If you can imagine yourself as a child and imagine a caregiver who responds with compassion instead of anger, we can repair and start to mend that internal relationship. Picture the caregiver saying, “well you know what you like, and you know that you don’t like broccoli, and that’s okay.” Once we work on our own regulation, we can begin to shift the way we respond to our children. 

Once we work on our own regulation, we can begin to shift the way we respond to our children.

Dr. Becky pointed out that often our children’s most triggering behaviours show us the part of ourselves that was mostly shut down in childhood. 

She said that we can try to shift the pattern to being inspired by our children and learning something from them. For example, if your child rejects food and that is a trigger for you, you were likely shut down from expressing your preferences. 

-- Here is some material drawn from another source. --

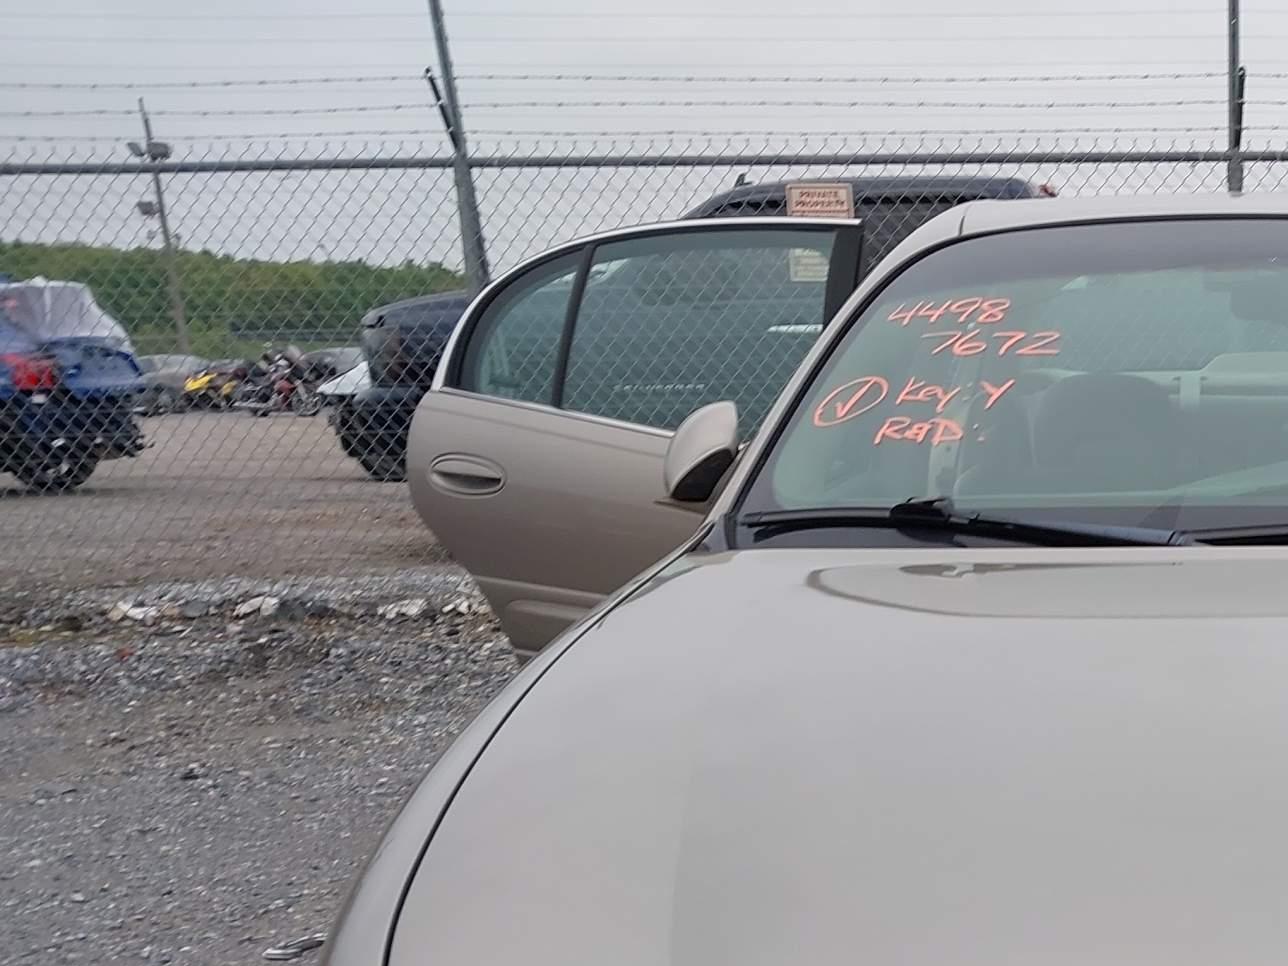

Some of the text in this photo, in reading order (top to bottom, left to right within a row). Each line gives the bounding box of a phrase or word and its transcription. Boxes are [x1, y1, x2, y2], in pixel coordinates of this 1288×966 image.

[887, 296, 1011, 326] 4498
[920, 329, 1062, 357] 7672
[979, 378, 1016, 410] Y
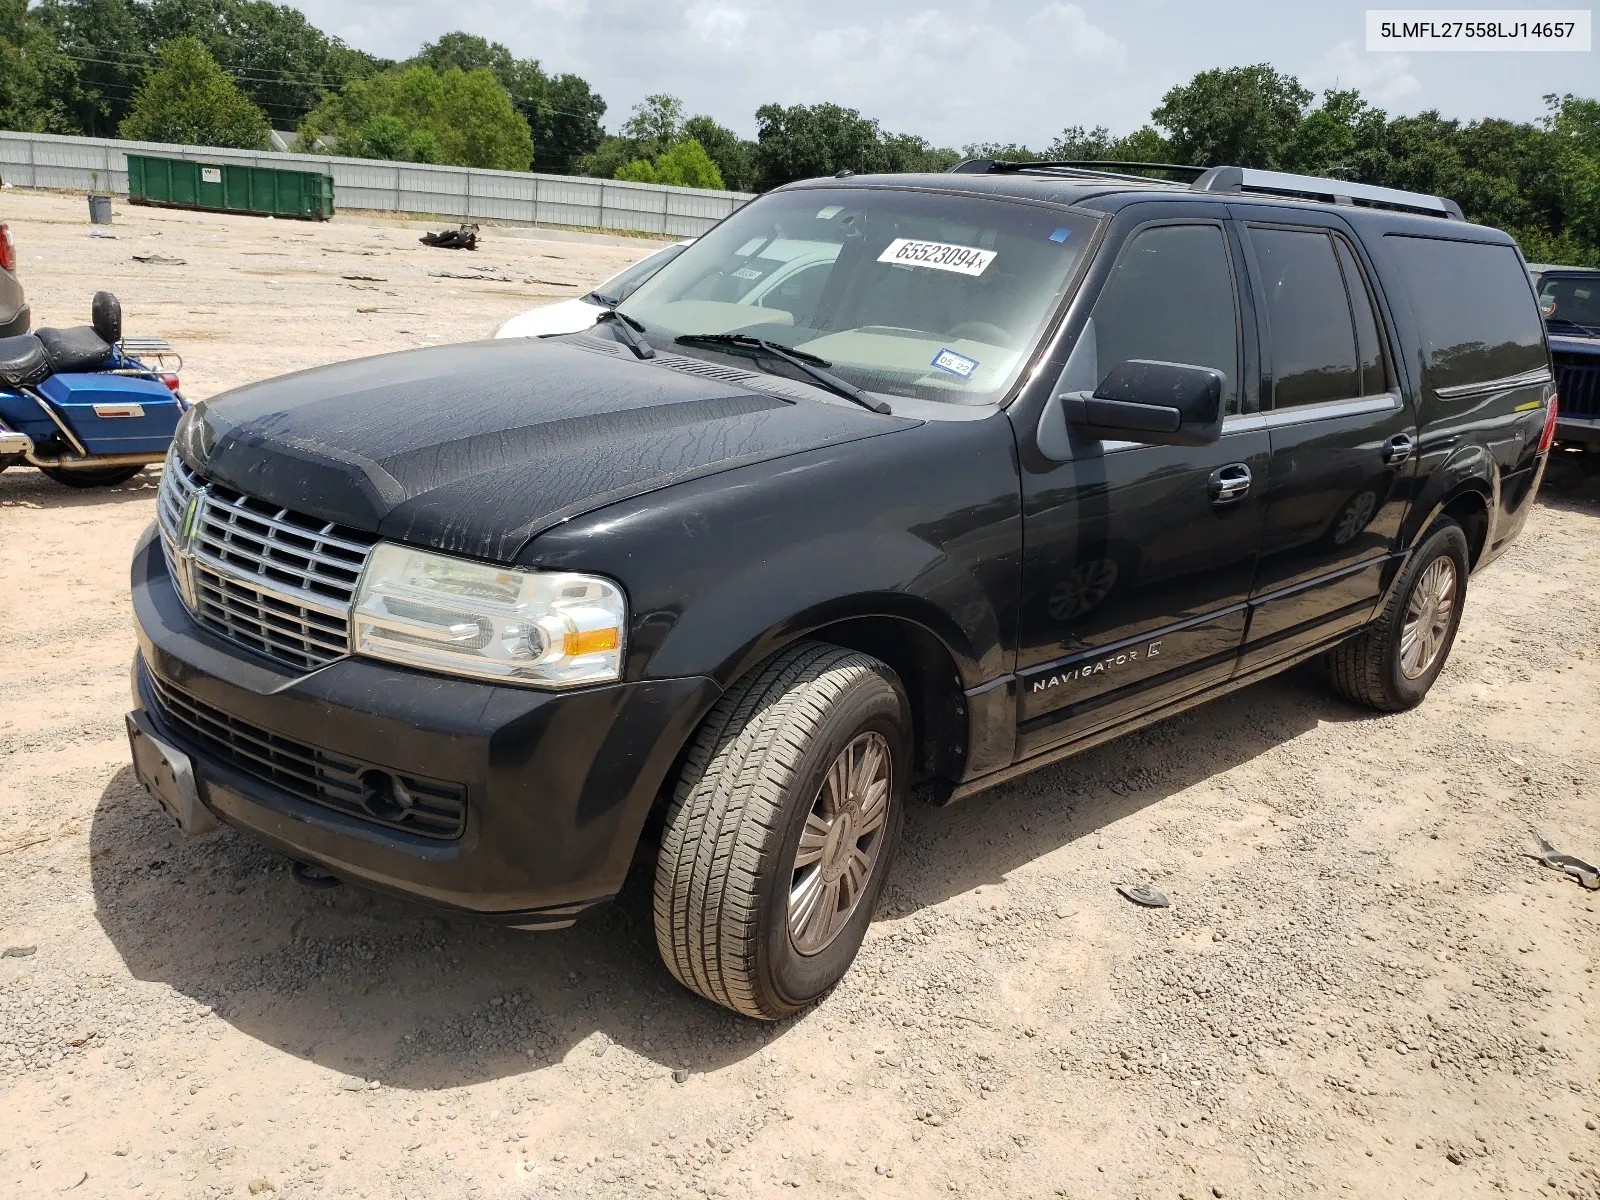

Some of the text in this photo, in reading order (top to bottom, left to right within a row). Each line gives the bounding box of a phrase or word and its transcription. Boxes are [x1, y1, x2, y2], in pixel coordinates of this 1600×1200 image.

But you can commit to trying one day a week to strengthen that skill, using your child as inspiration. Maybe you respectfully point out that the barista made your order wrong instead of just accepting it. 

We can use our children’s behaviour as a way to learn and grow. 

The Importance of Separating Behaviours from Emotions

Dr. Becky also believes in separating the behaviour from the feeling underneath it. She said that under any difficult behaviour is an unregulated feeling. 

This is something I have had to learn with my own children. My middle son recently got very upset because his brother took the green bowl of oatmeal, which is his favourite colour. He responded by dumping the oatmeal out. 

Under any difficult behaviour is an unregulated feeling.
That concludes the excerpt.